Cuando se tiene una hija de 19 años, que antes tuvo 18, 17, 16, 15… siempre temes que tenga un mal encuentro. Que un mal día algún depredador, de esos que tú sabes que existen, se cruce en su camino y le joda la vida. Que con toda la gente buena que deambula por nuestras ciudades acabe tropezando con un desaprensivo. Puede ser cuestión de suerte, de mala suerte, que alguien se fije en ella, que la ponga en su diana, que se cruce en su camino y convierta éste en un infierno… simplemente porque ella ha tomado una calle que no pensaba tomar, ha subido a un autobús al que no pensaba subir, ha salido de casa cinco minutos antes o después, ha cruzado de acera en el peor momento, ha entrado en el bar equivocado, ha mirado a quién no debería mirar, o ha estado manipulando el móvil y no se ha dado cuenta que el demonio la estaba observando… Y todo esto en un instante, en una décima de segundo…

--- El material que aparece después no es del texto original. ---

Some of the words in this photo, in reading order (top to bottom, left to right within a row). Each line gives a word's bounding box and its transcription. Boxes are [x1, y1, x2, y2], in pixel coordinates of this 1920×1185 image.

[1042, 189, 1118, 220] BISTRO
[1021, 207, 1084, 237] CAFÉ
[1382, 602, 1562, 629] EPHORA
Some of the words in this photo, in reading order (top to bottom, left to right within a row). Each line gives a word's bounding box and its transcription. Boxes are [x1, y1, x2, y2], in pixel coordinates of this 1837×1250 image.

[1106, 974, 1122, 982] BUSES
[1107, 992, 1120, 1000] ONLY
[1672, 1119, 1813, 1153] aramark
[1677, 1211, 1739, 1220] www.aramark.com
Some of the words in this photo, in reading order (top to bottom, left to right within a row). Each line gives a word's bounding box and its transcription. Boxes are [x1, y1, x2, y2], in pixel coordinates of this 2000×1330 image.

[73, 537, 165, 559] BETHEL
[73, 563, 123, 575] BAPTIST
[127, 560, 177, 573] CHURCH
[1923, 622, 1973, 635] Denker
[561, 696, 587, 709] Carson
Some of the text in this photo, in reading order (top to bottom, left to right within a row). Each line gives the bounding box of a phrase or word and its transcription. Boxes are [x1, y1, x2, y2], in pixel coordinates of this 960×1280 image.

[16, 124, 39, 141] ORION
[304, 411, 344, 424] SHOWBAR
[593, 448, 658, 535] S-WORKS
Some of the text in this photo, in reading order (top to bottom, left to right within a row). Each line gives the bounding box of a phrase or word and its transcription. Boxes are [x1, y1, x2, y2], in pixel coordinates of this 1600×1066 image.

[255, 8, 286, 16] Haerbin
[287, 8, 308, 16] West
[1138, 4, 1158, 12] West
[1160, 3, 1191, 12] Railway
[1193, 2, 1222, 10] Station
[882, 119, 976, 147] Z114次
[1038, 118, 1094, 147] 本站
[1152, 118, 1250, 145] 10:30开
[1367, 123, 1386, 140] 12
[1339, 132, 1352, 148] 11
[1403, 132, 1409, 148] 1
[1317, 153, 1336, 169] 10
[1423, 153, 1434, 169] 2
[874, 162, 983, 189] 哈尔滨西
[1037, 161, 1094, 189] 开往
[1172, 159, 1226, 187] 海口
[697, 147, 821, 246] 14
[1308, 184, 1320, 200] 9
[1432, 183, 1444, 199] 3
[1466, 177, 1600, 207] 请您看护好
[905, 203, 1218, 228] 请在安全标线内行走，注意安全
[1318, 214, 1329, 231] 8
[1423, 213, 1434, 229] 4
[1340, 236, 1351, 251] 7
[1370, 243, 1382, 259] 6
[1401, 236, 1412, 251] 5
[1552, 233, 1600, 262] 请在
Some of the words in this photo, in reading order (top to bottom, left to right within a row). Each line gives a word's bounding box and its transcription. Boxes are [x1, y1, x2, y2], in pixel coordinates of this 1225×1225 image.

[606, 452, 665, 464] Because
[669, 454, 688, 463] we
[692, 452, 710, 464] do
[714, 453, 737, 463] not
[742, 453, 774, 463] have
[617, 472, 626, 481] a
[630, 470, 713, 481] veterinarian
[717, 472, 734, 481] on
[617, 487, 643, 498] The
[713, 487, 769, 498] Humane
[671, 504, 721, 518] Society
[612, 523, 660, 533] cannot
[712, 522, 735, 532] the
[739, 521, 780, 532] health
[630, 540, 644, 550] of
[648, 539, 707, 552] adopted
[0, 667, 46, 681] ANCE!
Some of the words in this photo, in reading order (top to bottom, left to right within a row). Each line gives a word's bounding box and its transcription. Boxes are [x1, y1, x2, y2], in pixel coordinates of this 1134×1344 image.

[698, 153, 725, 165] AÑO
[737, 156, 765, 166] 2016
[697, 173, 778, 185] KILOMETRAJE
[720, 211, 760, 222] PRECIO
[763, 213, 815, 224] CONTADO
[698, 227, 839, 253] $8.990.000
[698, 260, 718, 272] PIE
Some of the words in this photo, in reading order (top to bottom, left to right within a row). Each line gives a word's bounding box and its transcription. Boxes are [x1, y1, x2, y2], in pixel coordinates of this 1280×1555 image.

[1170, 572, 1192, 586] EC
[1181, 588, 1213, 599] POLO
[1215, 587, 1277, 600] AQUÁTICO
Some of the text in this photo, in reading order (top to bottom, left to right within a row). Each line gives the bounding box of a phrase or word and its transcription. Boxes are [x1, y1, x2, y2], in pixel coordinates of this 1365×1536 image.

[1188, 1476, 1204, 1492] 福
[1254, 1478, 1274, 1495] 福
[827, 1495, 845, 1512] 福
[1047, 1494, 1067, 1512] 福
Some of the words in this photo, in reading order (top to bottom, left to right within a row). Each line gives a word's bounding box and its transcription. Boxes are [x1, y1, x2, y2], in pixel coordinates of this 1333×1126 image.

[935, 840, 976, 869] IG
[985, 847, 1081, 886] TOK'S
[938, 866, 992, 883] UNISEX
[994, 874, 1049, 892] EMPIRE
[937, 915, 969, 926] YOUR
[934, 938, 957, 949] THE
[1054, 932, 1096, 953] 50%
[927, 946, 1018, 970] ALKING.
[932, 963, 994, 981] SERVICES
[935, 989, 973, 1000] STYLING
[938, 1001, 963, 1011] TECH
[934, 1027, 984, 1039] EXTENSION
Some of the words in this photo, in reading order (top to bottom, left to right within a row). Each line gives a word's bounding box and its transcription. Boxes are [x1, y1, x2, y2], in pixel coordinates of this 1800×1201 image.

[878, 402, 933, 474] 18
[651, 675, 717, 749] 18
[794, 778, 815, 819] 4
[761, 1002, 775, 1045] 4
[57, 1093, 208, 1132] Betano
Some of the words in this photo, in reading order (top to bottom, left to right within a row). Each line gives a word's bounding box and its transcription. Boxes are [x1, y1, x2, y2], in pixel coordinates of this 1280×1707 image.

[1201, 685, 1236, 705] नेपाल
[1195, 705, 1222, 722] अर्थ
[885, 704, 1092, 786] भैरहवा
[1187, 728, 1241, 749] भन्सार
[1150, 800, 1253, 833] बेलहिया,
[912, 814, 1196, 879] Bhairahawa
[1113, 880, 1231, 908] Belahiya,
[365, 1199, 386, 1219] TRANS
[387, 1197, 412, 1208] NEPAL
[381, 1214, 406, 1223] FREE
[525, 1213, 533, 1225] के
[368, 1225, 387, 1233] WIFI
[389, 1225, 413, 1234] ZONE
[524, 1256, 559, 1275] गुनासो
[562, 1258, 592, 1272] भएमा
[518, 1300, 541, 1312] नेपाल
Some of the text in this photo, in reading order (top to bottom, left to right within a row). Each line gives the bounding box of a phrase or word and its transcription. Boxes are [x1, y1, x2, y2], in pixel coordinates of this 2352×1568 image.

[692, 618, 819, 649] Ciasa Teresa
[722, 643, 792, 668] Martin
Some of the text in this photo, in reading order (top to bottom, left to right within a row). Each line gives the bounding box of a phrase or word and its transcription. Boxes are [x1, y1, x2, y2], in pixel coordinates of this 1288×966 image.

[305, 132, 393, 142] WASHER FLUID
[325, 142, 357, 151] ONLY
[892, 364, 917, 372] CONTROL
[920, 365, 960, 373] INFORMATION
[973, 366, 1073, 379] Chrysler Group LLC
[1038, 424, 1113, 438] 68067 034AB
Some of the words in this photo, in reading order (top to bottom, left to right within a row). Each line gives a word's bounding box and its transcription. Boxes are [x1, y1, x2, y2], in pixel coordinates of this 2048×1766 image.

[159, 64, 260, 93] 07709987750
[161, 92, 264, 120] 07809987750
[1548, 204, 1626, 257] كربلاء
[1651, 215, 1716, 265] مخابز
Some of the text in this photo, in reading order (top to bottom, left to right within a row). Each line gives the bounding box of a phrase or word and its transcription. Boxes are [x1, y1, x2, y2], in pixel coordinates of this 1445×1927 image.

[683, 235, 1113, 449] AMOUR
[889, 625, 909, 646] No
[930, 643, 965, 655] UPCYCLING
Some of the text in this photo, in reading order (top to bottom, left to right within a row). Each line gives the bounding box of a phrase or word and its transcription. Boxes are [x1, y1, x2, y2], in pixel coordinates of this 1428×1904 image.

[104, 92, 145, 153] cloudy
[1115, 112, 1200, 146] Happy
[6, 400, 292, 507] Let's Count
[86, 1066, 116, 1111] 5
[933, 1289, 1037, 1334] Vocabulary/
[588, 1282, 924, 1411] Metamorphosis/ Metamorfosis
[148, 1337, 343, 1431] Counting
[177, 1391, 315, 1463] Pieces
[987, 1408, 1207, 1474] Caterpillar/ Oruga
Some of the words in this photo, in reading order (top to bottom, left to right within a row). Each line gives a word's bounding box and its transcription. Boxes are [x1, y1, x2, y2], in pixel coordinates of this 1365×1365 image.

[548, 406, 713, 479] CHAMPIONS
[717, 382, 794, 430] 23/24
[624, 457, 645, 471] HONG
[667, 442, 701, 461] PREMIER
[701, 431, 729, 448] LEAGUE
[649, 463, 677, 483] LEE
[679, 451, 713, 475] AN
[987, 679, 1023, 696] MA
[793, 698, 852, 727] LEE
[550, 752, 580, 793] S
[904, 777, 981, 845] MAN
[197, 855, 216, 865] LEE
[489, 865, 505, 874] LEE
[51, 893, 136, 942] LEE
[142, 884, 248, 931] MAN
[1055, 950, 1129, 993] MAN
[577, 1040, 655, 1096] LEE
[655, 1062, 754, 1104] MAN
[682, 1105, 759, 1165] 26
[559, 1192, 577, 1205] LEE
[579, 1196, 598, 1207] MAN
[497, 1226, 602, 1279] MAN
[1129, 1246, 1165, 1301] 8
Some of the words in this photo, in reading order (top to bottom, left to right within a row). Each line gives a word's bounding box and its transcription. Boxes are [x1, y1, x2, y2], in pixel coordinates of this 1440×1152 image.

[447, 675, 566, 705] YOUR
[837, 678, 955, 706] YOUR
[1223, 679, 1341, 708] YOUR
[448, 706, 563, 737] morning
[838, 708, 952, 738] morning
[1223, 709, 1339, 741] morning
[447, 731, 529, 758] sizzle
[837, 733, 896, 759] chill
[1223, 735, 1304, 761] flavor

Porque hay veces que la vida se juega, sin tú saberlo, sin saberlo nadie, en un matiz, en un suspiro, en un quién nos lo iba a decir; y todo ello sin que una de las partes sea consciente ni de lo frágil que es el manto que aparentemente nos protege ni de la fugacidad de la existencia ni de lo que se le puede venir encima en un escueto abrir y cerrar de ojos.

Diana Quer, 18 años, fue víctima de ese instante, de esa décima de segundo, de ese trágico abrir y cerrar de ojos en la noche del 21 de agosto de 2016, cuando El Chicle centró su mirada en ella y puso fin a su historia. Caroline del Valle, 14 años el 14 de marzo de 2015, también debió tener un mal encuentro cuando se perdió su rastro en la llamada Zona Hermética de Sabadell. Pero de ella todavía no sabemos nada más, no sabemos con quién cruzó esa mirada de perdición, quién la engaño, quién la hizo desaparecer de la faz de la tierra. Y hay otras muchas Caroline, demasiadas, de las que no sabemos qué ha sido de sus vidas o de sus muertes y que a peor también debieron ser víctimas de esas décimas de segundo en las que todo se vuelve del revés.

Instantes en los que el asesino se pone por encima del bien y del mal, de la vida y de la muerte y se cree el máster del universo y que el mundo es suyo y se siente capaz de arrancar de cuajo todo lo que se le antoja, no sólo la vida de su víctima, sino también la de todos aquellos que la rodean y que se van de la vida sin tan siquiera decir adiós. “Sale el sol y sale la luna, pero los días no pasan” suele repetir dolorosamente la madre de Caroline, que sigue devastada, viviendo en la ignorancia del paradero de su pequeña sin olvidar que le dio 20 euros para que se lo pasara bien ese sábado de dolor de 2015.

Los padres de Diana, dicen, podrán descansar ya, pero yo no me lo creo. Es imposible hacer borrón y cuenta, desprenderse de la ausencia que nos asfixiará hasta el final, de la sonrisa que ya no disfrutaremos, de los besos que no volverán, de los abrazos que ya no se darán. Y siempre machacarán nuestras entrañas esas preguntas cuyas respuesta ignoramos o, a lo peor, queremos seguir ignorando. Incluso tu conciencia te martilleará preguntándose si pudiste hacer algo para impedirlo, si no la protegiste lo suficiente, si sufrió tu pequeña o qué pasó por su cabeza en los momentos finales…

No nos engañemos, es imposible reponerse del desgarro de estos malos encuentros. Sigues viviendo sin estar vivo. Sigues respirando pero apenas. Nunca te alcanza la paz. Nunca te abandona el quejío desgarrador, la pena extrema, el dolor infinito.